| Extracted entries |
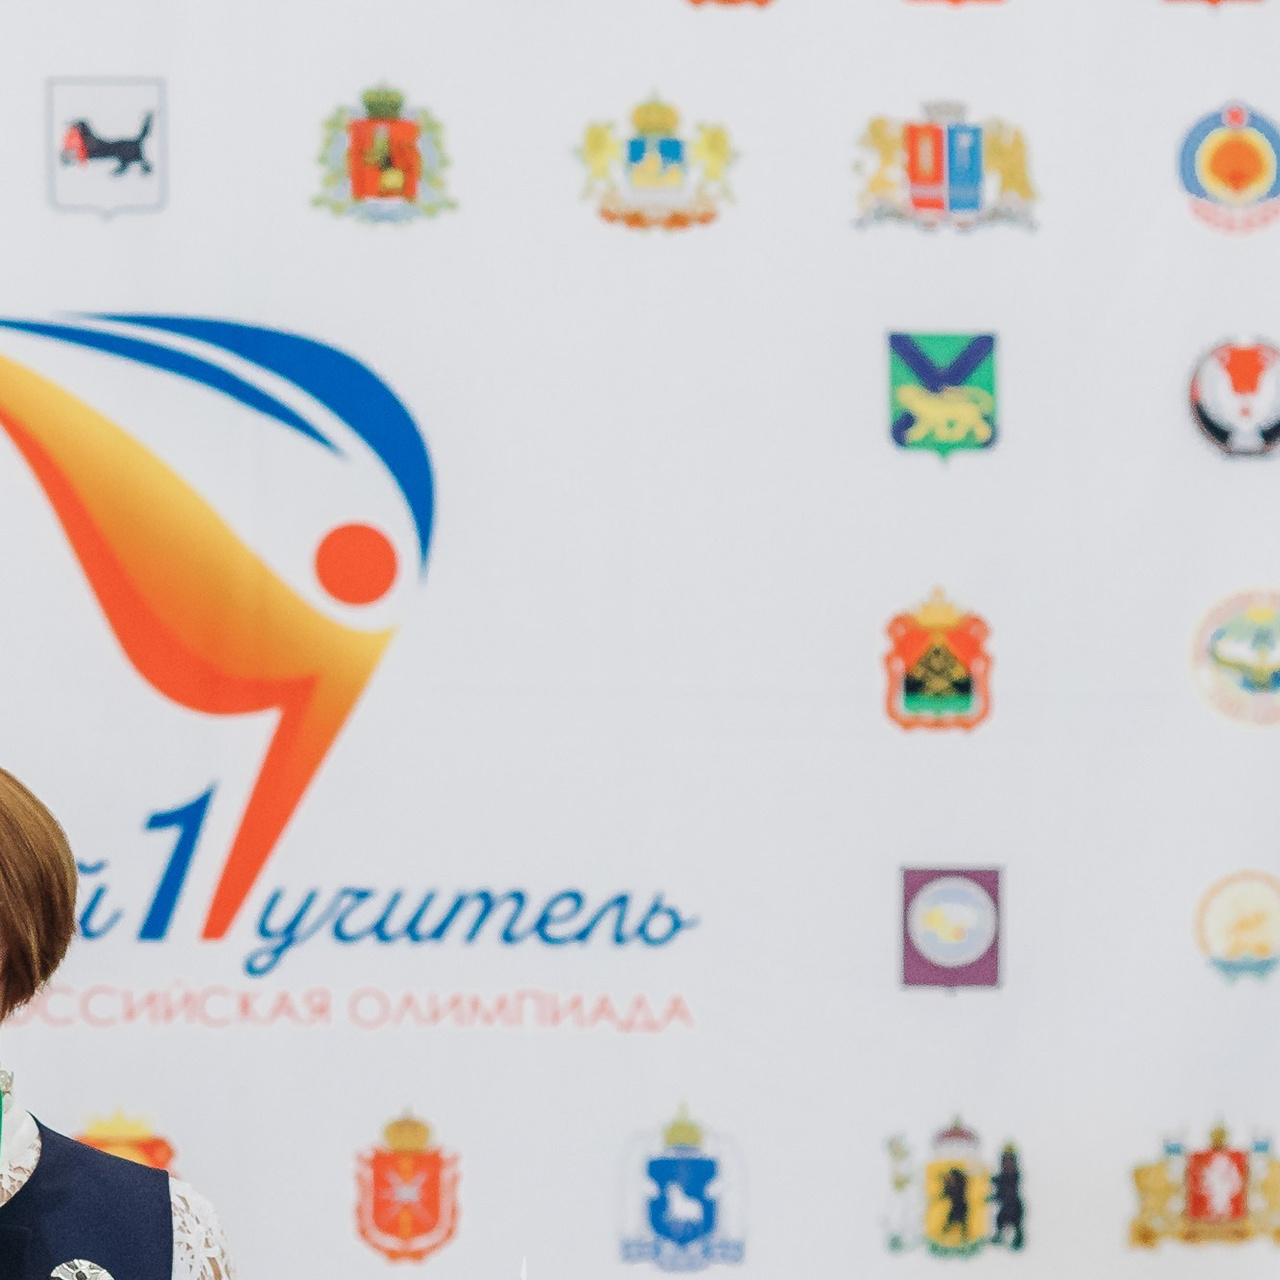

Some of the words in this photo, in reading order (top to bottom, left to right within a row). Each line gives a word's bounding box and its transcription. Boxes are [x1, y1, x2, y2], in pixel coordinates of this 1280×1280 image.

[77, 859, 124, 941] й
[138, 780, 218, 943] 1
[243, 887, 700, 978] учитель
[1, 977, 332, 1029] ОССИЙСКАЯ
[347, 985, 696, 1034] ОЛИМПИАДА

| Task to complete |
Transcribe the records above exactly, omitting every picture they contain.

| Output below |
Some of the words in this photo, in reading order (top to bottom, left to right within a row). Each line gives a word's bounding box and its transcription. Boxes are [x1, y1, x2, y2], in pixel coordinates of this 1280×1280 image.

[77, 859, 124, 941] й
[138, 780, 218, 943] 1
[243, 887, 700, 978] учитель
[1, 977, 332, 1029] ОССИЙСКАЯ
[347, 985, 696, 1034] ОЛИМПИАДА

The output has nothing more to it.